Seminário em Marabá reuniu militares, pesquisadores e alunos, com foco em segurança, preservação ambiental e políticas de desenvolvimento integradas para a Amazônia Oriental
O evento discutiu as demandas estratégicas e as oportunidades para conciliar proteção da floresta com projetos econômicos e presença do Estado na região.
A programação incluiu palestras, debates e a participação ativa de instituições de ensino e centros de pesquisa, com ênfase na produção de conhecimento para orientar políticas públicas.
Conforme informação divulgada pelo Comando Militar da Amazônia Oriental e pela 23ª Brigada de Infantaria de Selva, o I Seminário de Defesa e Desenvolvimento da Amazônia Oriental contou com mais de 500 estudantes e reuniu militares, pesquisadores e especialistas para discutir ações integradas na região.
Evento e público, mobilização e objetivos
Organizado pelo Comando Militar da Amazônia Oriental, em parceria com a 23ª Brigada de Infantaria de Selva, o seminário em Marabá serviu para aproximar Forças Armadas, universidades e sociedade civil.
A presença de estudantes e professores demonstrou o interesse crescente por temas de Defesa Nacional, especialmente voltados para a Amazônia Oriental, incluindo segurança, logística e governança territorial.
ECEME e a produção de conhecimento estratégico
Entre os destaques, a Escola de Comando e Estado-Maior do Exército, a ECEME, esteve representada pelo professor Rubens Duarte, pesquisador do Instituto Meira Mattos, PPGCM/ECEME.
Em sua palestra, intitulada “Desenvolvimento, Sustentabilidade e Defesa Nacional: entre a Sinergia Necessária e a Aparente Incompatibilidade”, o professor apresentou argumentos sobre como políticas de desenvolvimento, preservação ambiental e estratégias de defesa podem atuar de forma complementar na Amazônia Oriental.
A atuação da ECEME reafirma o papel das instituições de ensino militar na formação de oficiais superiores e na produção de pesquisas sobre geopolítica, planejamento estratégico e segurança.
Amazônia Oriental, soberania e políticas públicas integradas
O seminário reforçou que a Defesa Nacional na Amazônia Oriental vai além da ação militar, abrangendo ciência, tecnologia, educação, proteção ambiental e fortalecimento institucional.
Os palestrantes e debatedores defenderam que a presença do Estado, a geração de oportunidades econômicas e a proteção dos recursos naturais são elementos complementares para garantir estabilidade e soberania na região.

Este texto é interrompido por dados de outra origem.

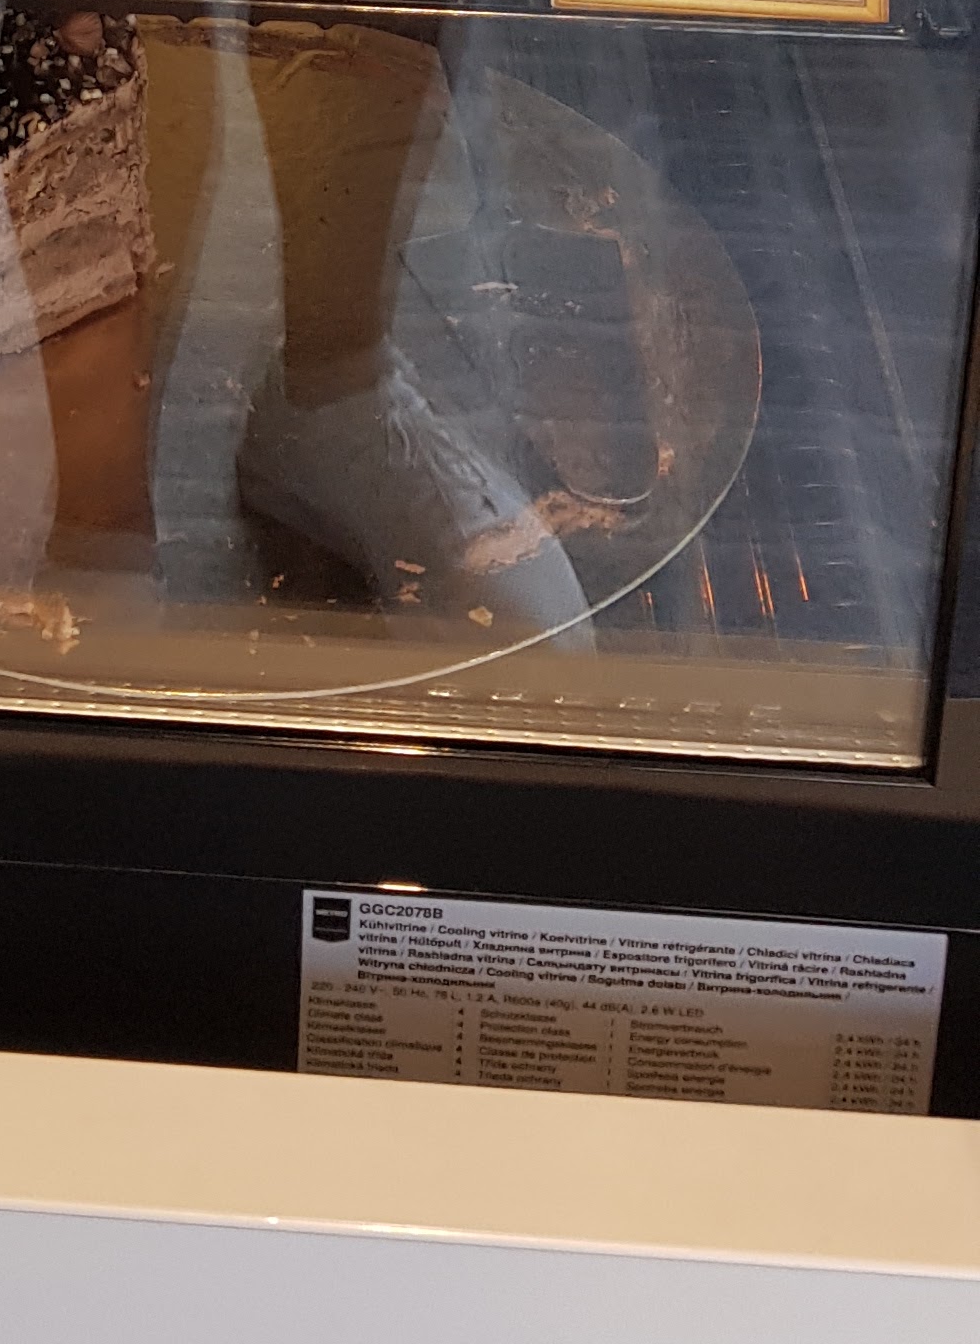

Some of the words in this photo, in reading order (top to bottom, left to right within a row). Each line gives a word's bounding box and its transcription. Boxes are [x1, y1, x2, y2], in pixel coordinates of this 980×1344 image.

[438, 925, 486, 939] Cooling
[490, 928, 529, 941] vitrine
[618, 937, 659, 950] Vitrine
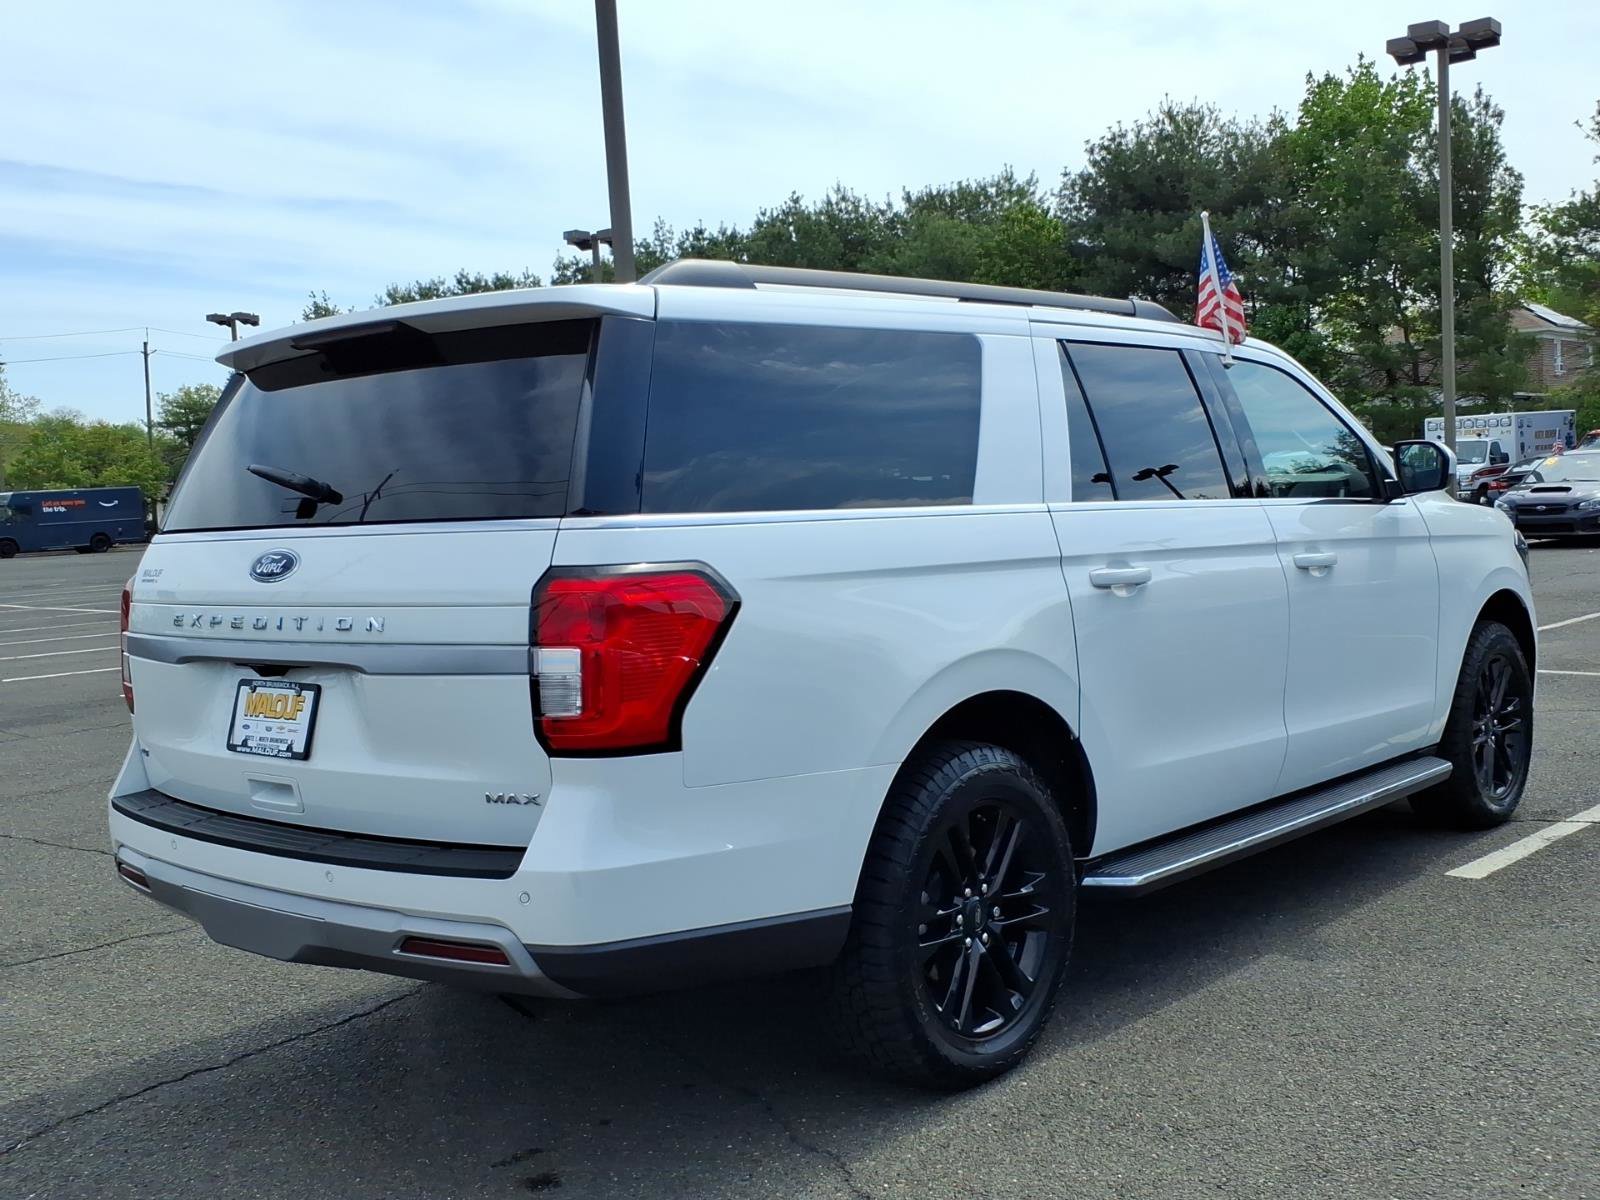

Essa abordagem está alinhada aos princípios da Política Nacional de Defesa e da Estratégia Nacional de Defesa, que apontam a Amazônia como área estratégica prioritária para o Brasil.
Impacto e próximos passos
Além das discussões técnicas, o encontro estimulou a formação de novos pesquisadores e ampliou a cooperação entre Forças Armadas e universidades, fomentando a produção de estudos baseados em evidências.
Iniciativas como o seminário em Marabá tendem a fortalecer a chamada cultura de Defesa, aproximando a sociedade das questões estratégicas e contribuindo para a formulação de políticas públicas sustentadas por conhecimento técnico.
Ao promover um debate integrado sobre desenvolvimento e sustentabilidade, a atividade projetou a Amazônia Oriental como protagonista nas decisões que envolvem soberania, meio ambiente e recursos naturais no Brasil.